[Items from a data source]
********

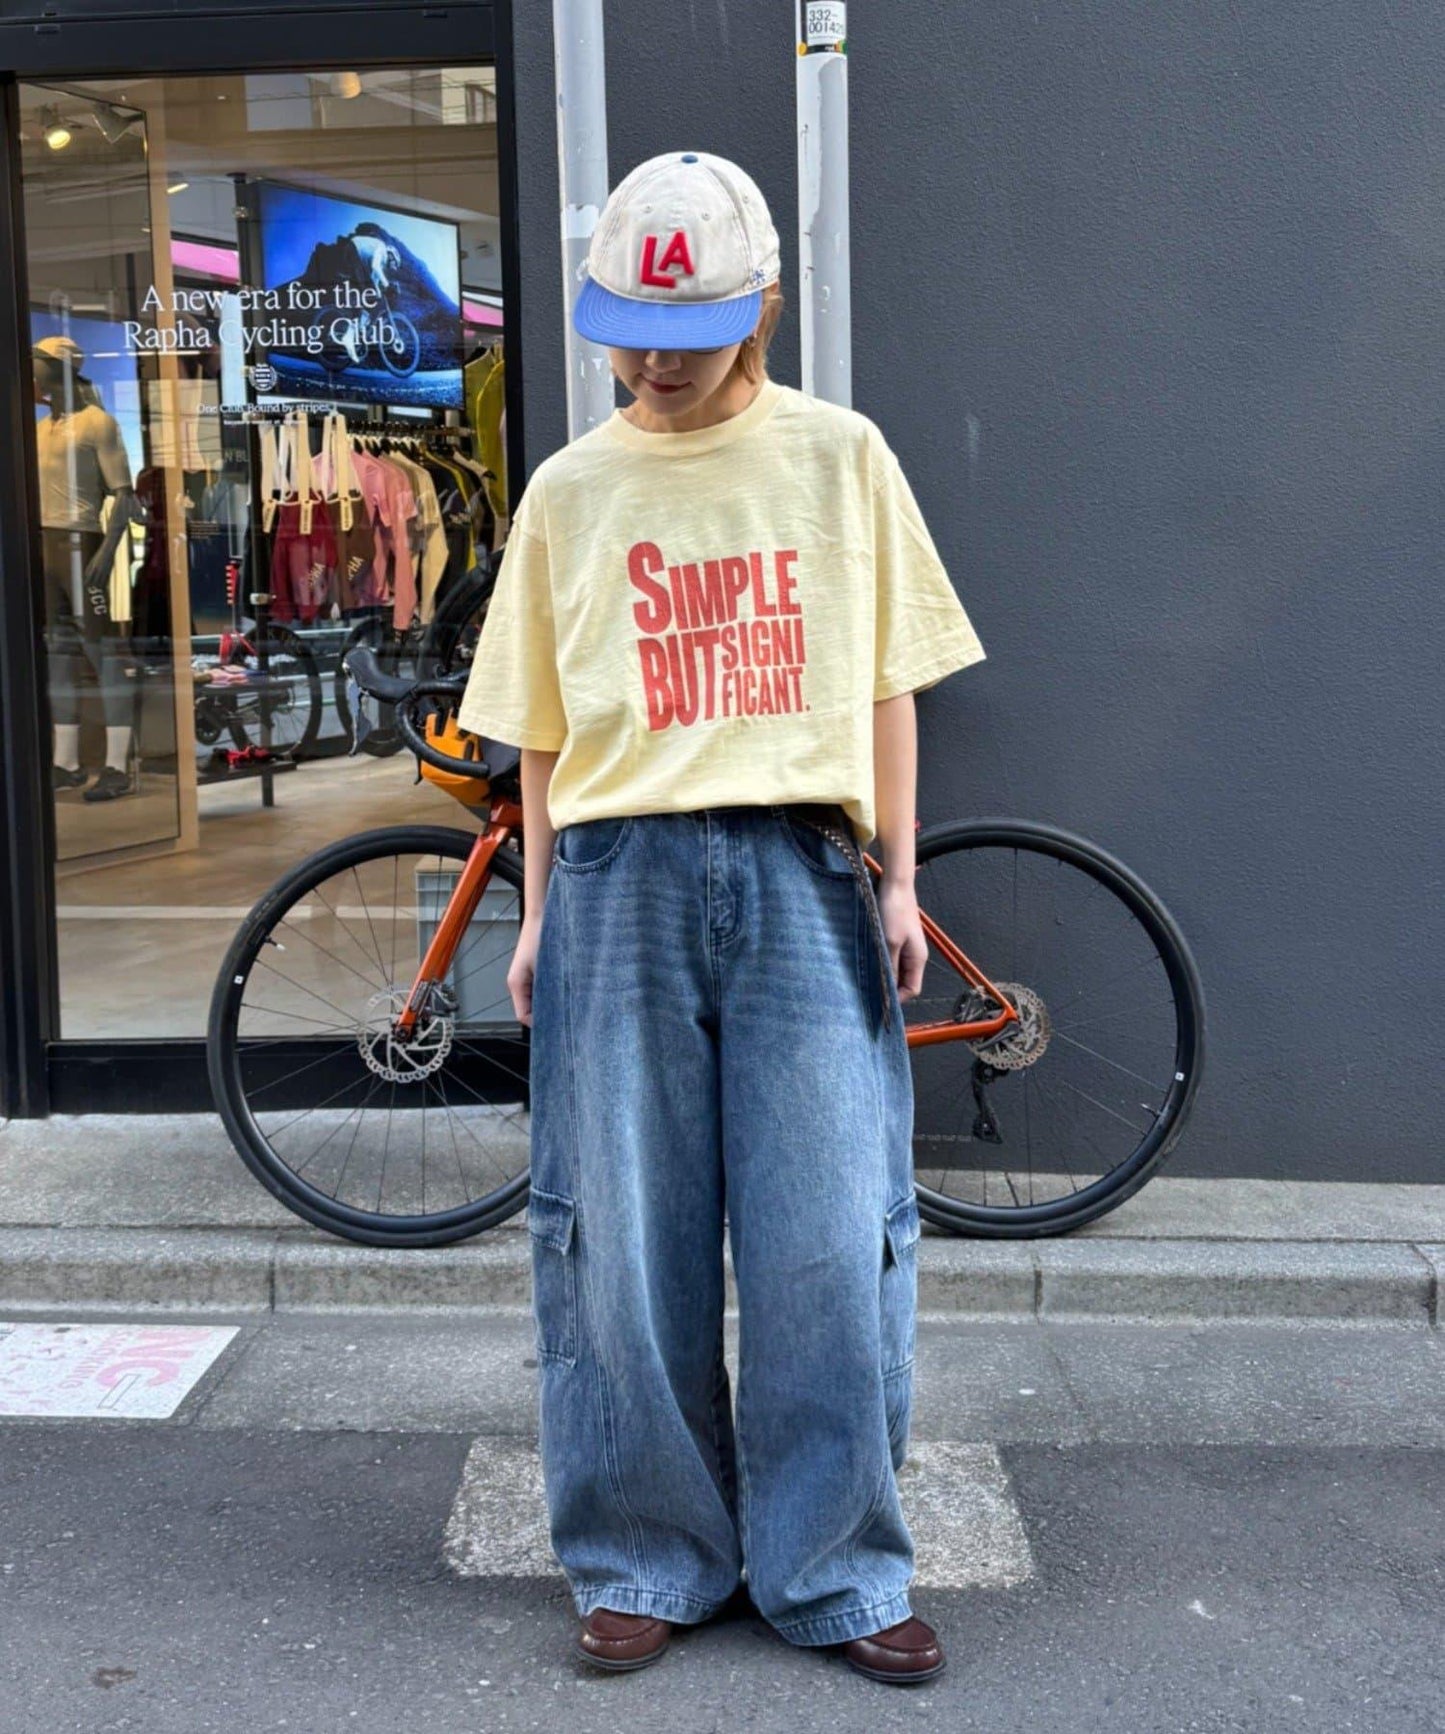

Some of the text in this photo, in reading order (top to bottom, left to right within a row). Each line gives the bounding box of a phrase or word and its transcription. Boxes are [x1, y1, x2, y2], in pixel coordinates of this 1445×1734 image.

[641, 231, 695, 289] LA
[141, 281, 378, 312] A new era for the
[123, 320, 213, 353] Rapha
[218, 318, 325, 354] Cycling
[281, 402, 293, 416] by
[627, 541, 802, 634] SIMPLE
[638, 619, 806, 731] BUT SIGNI
[722, 666, 810, 718] FICANT.

********

YOUR GOAL:
Would you output all of the entries above exactly, keeping the pictures out?

RESPONSE:
Some of the text in this photo, in reading order (top to bottom, left to right within a row). Each line gives the bounding box of a phrase or word and its transcription. Boxes are [x1, y1, x2, y2], in pixel coordinates of this 1445×1734 image.

[641, 231, 695, 289] LA
[141, 281, 378, 312] A new era for the
[123, 320, 213, 353] Rapha
[218, 318, 325, 354] Cycling
[281, 402, 293, 416] by
[627, 541, 802, 634] SIMPLE
[638, 619, 806, 731] BUT SIGNI
[722, 666, 810, 718] FICANT.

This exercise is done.